December 2021

A research project funded by the British Skin Foundation has been jointly awarded the coveted Stewart Cameron Science Award at the Royal Society of Medicine Nephrology President’s Day in Edinburgh.

The ceremony which took place earlier this month saw Dr Matthew Bottomley and his team recognised for their vital work into immune ageing and the risk of skin cancer in renal transplant recipients.

The winners at the award ceremony
Image courtesy of Stephen McAdoo.

Dr Bottomley explains,

Skin cancer is the most common cancer in this group and is a major cause of worry and illness, as it often recurs elsewhere on the skin after the first has been removed.

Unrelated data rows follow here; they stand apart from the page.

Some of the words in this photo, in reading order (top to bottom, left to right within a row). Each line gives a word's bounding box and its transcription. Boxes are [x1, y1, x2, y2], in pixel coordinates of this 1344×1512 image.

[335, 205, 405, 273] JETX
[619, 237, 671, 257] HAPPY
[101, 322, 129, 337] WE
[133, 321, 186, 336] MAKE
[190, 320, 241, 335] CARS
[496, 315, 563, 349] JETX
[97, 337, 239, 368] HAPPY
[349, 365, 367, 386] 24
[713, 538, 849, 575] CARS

We presented data showing that we have identified a marker in blood that might identify patients at the greatest risk of developing skin cancer and other cancers later on.

When we looked in great depth at the cancers that had been removed from patients in our study, we found our marker was associated with a fundamental change in the immune response to the cancer, potentially explaining our findings.

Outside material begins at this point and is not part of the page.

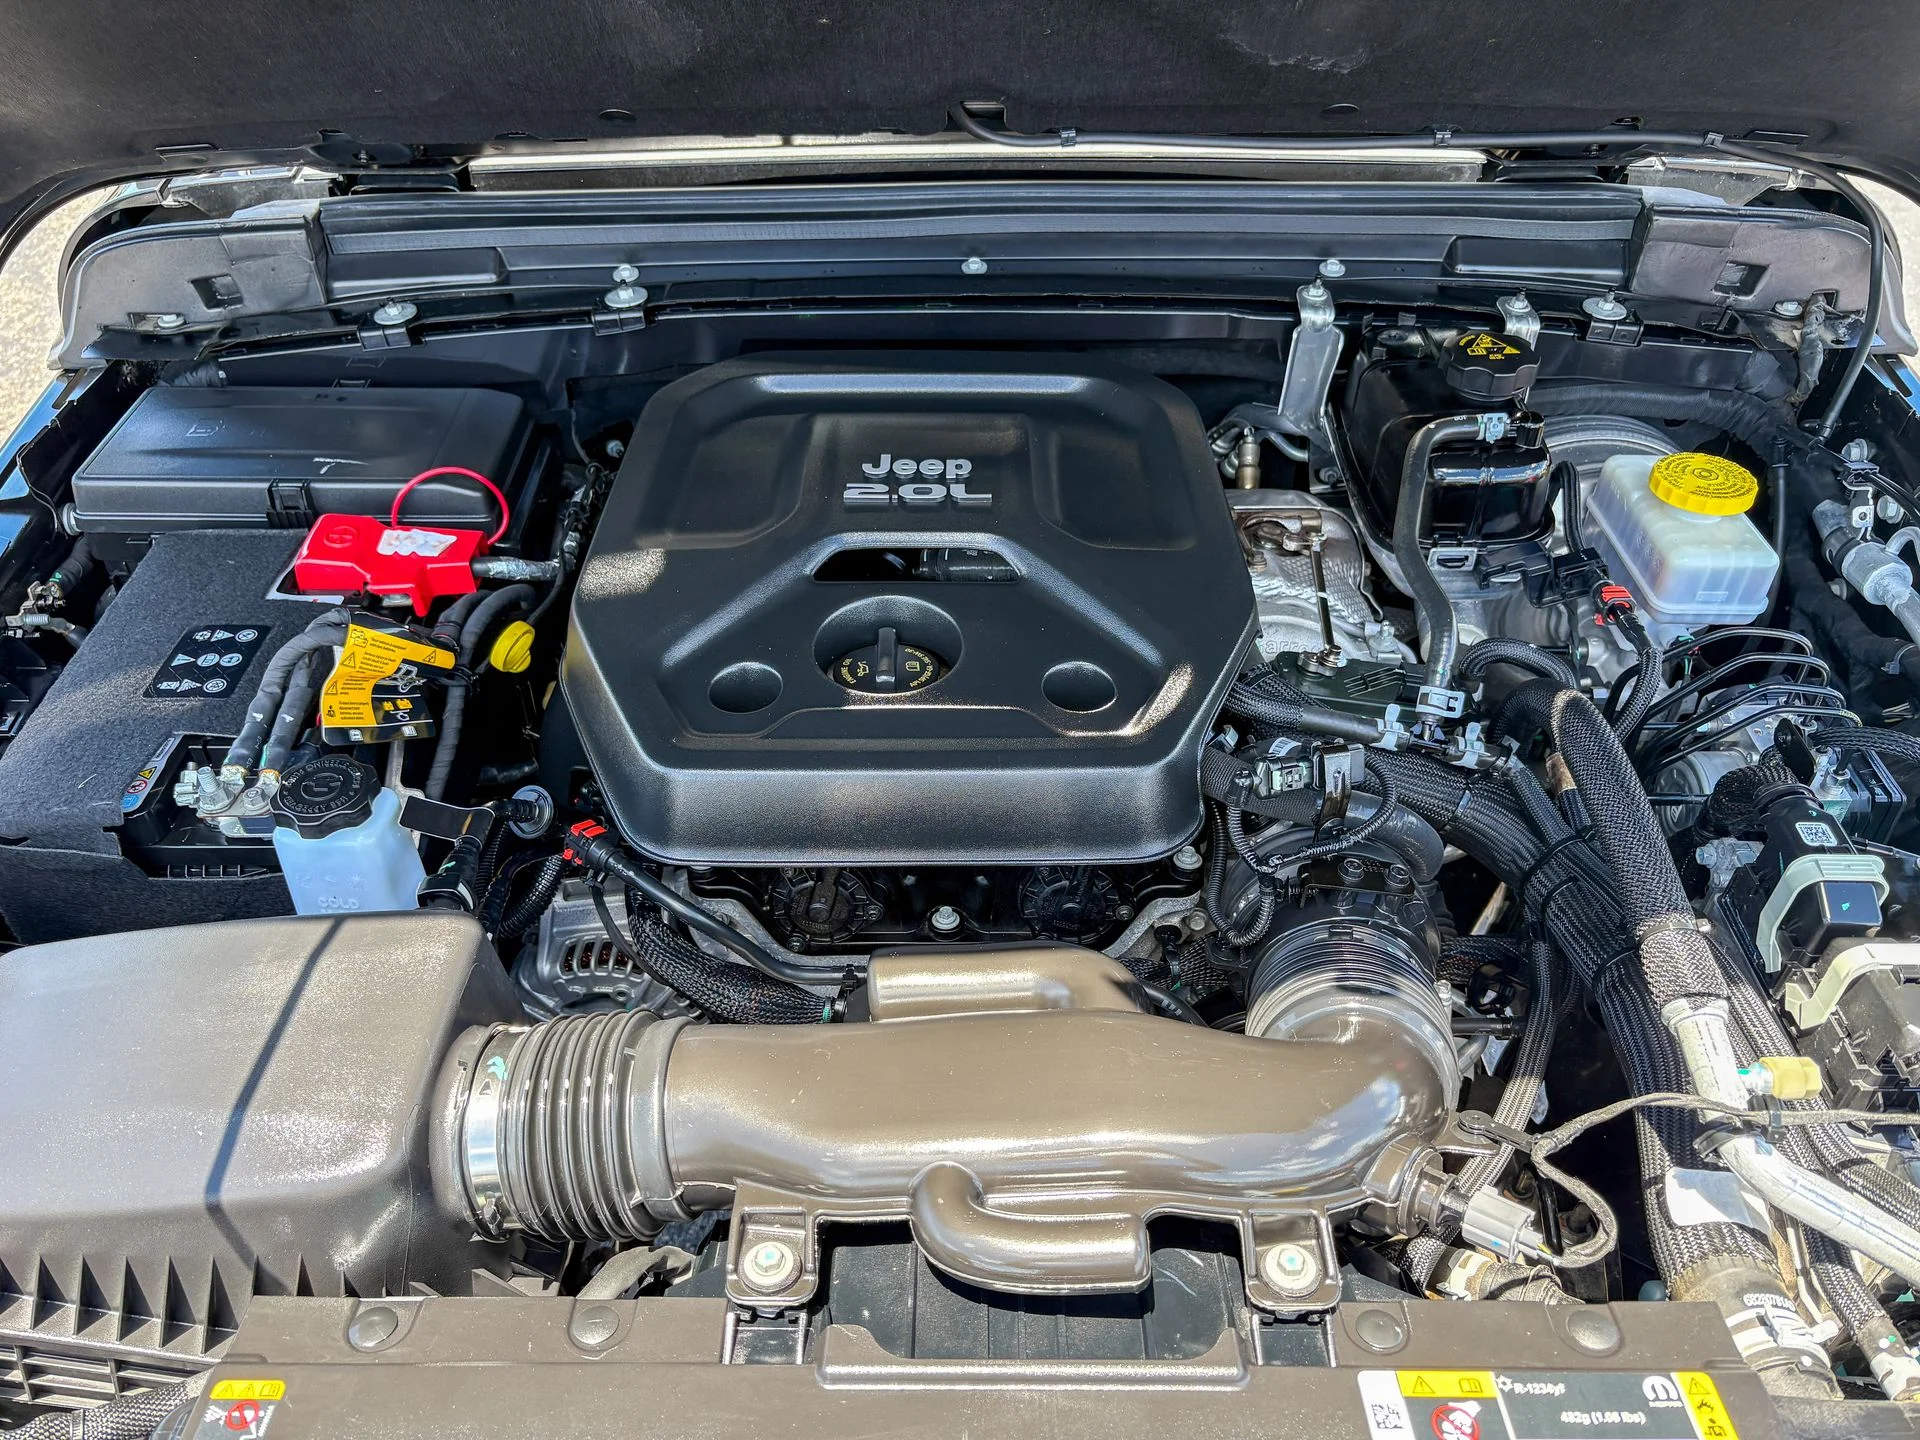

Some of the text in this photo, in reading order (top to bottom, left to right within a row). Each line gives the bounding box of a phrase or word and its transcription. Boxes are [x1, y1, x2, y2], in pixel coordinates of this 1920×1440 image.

[861, 453, 973, 480] Jeep
[843, 483, 993, 503] 2.0L
[317, 897, 360, 909] COLD

It’s really exciting news because if we can identify patients who may be more likely to develop skin cancer or are more likely to have problems with recurrent skin cancer, before it happens then we may be able to develop new treatments and interventions to prevent the skin cancer in the first place.

Dr Bottomley in the lab

Top of page shows an immunofluorescence image of the immune interaction with squamous cell carcinoma. The blue dots are nuclei, the green is pancytokeratin (representing the tumour) and red dots represent CD8+ T cells. The outlines are the areas the team analysed the gene expression of, using spatial transcriptomics (a cutting-edge technique).